Hydroxyl functional acrylic resins are a type of acrylic resin that has hydroxyl groups on its molecular structure. These hydroxyl groups make it water-soluble and compatible with a variety of other materials, making it a versatile resin with many applications in industrial and automotive coatings. It can also be supplied as a solvent compatible system.
In industrial coatings, hydroxyl functional acrylic resins are used in primers, topcoats, and corrosion protection coatings. They provide excellent adhesion to a variety of surfaces, making it a good choice for these applications. Hydroxyl functional acrylic resin is also resistant to weathering, chemicals, and abrasion as well as resistant to chipping, scratching, and fading, making it a good choice for topcoats and clear coats.
Non-NISO resins are easiest to explain by functionality. Reactive groups contain hydroxy functions which can react with isocyanates or melamines. Some contain glycidyl functions (epoxy group) that will react with amines and carboxylic acids. These groups allow bonding between polymer chains to form a stronger polymeric material. Because they are functional in almost all cases the reacted polymer would have superior properties to non functional, non crosslinked. In almost all cases these are industrial resins due to cost and functionality.

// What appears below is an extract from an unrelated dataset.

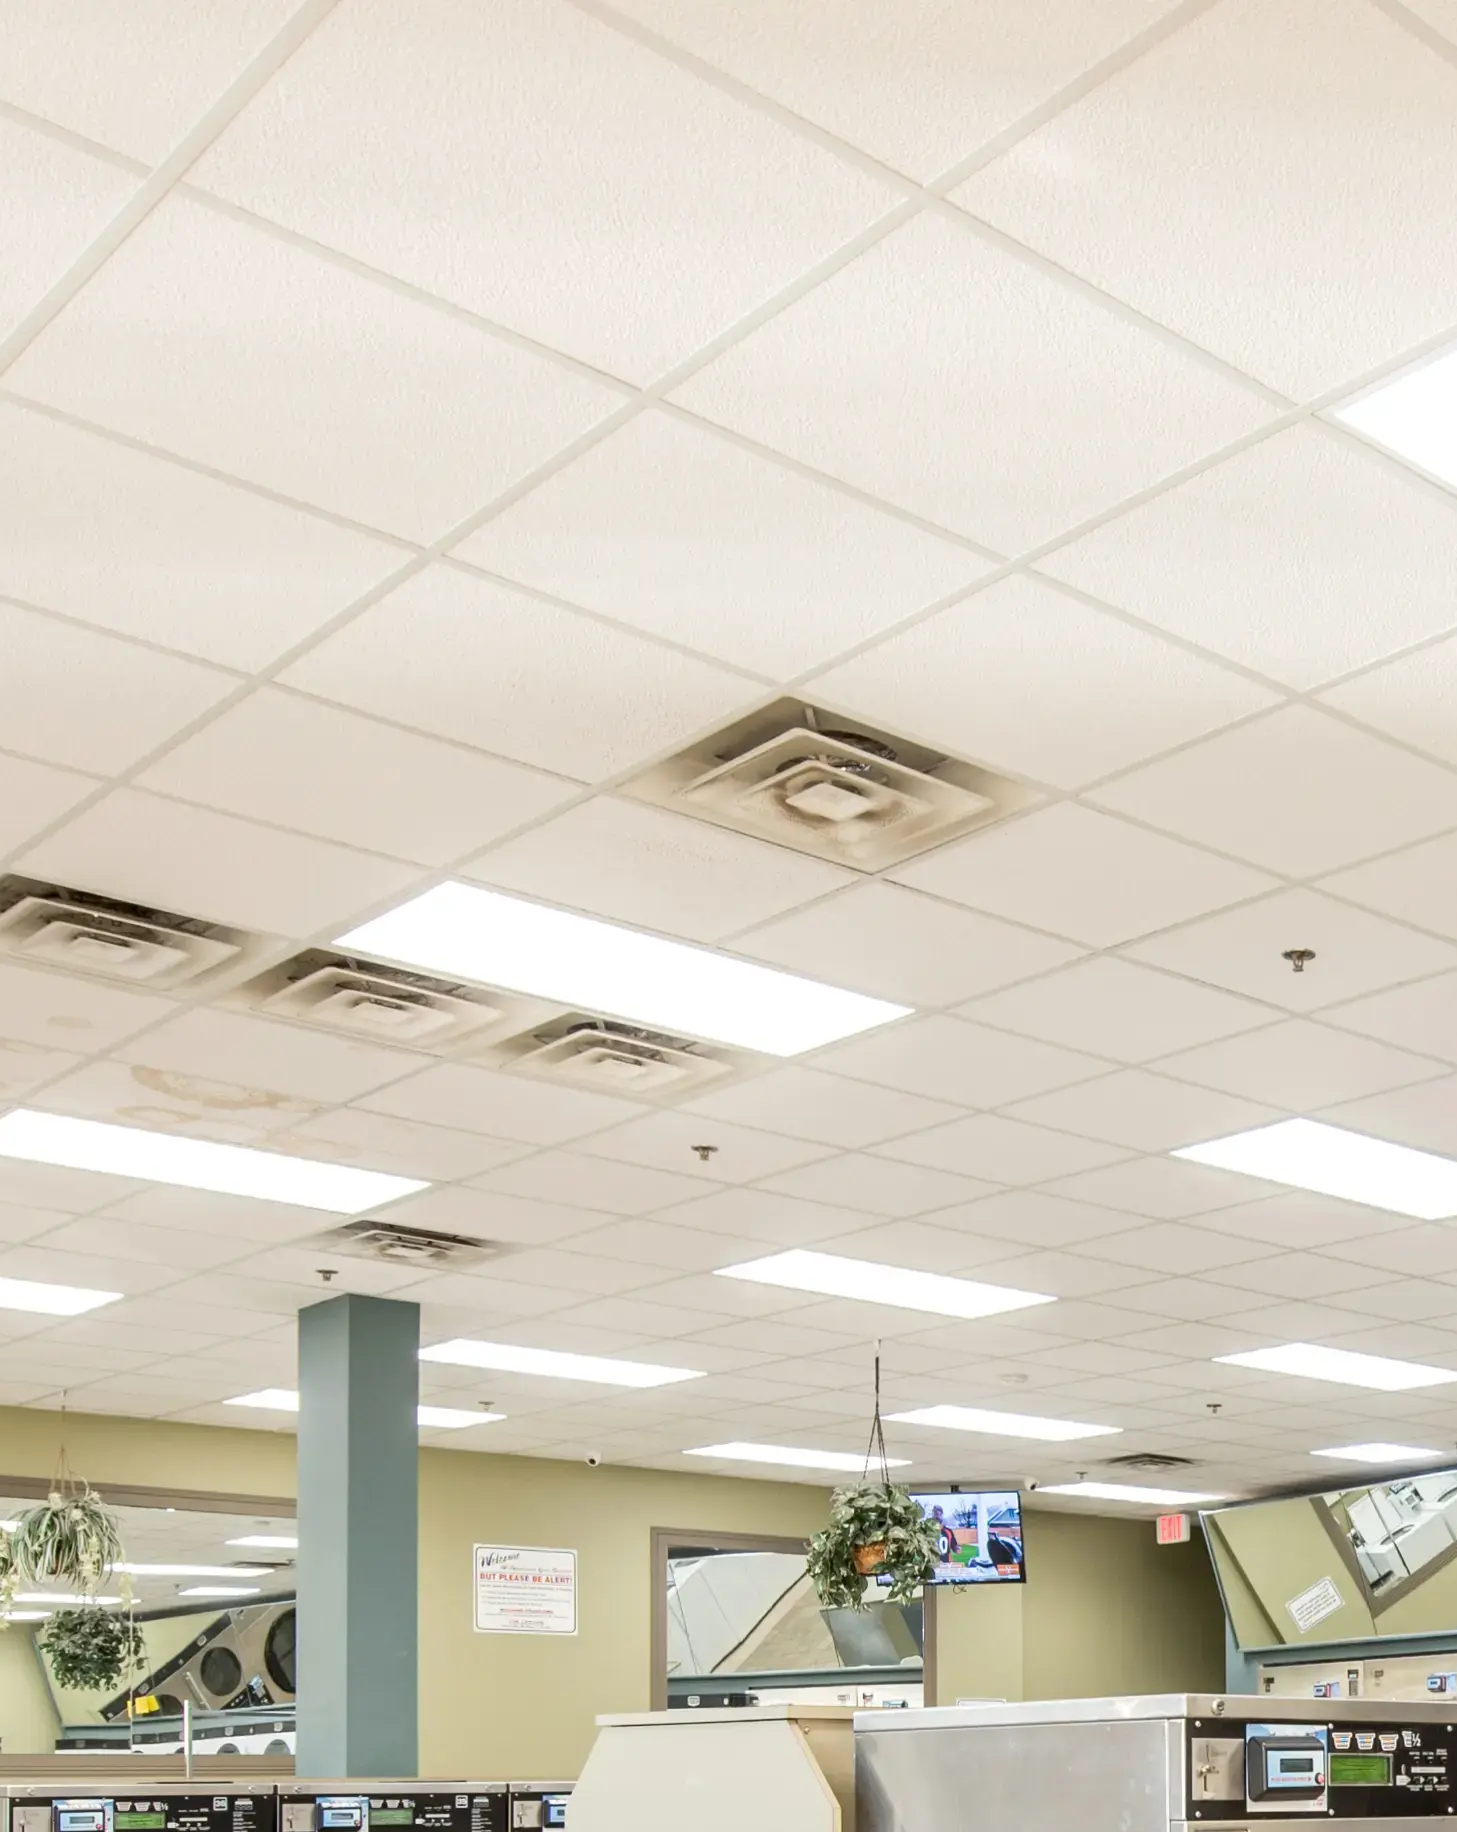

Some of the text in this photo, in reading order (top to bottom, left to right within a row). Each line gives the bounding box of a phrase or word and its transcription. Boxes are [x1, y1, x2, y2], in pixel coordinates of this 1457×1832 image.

They influence resin properties, applications, and final properties of the film/coating obtained. -OH functionalization and the presence of carboxyl groups can improve the adhesion on a substrate. A large number of carboxyl groups will also help to solubilize the resin in water. To get a resin with specific properties or to reduce its cost, different monomers can be incorporated into the acrylic polymer. Several resins are highlighted in this article; (does not imply or infer a preference. As example) the first being Hypomer MT-2550K[1]. It is an Elementis hydroxy acrylic matting resin for non aqueous industrial and automotive coating systems. Another group of hydroxy functional acrylic resin is offered by Dianal. There are three series of varying hydroxyl levels[2]. A last one is Synaqua® E21219, a waterborne NISO (Non isocyanate) from Arkema[3]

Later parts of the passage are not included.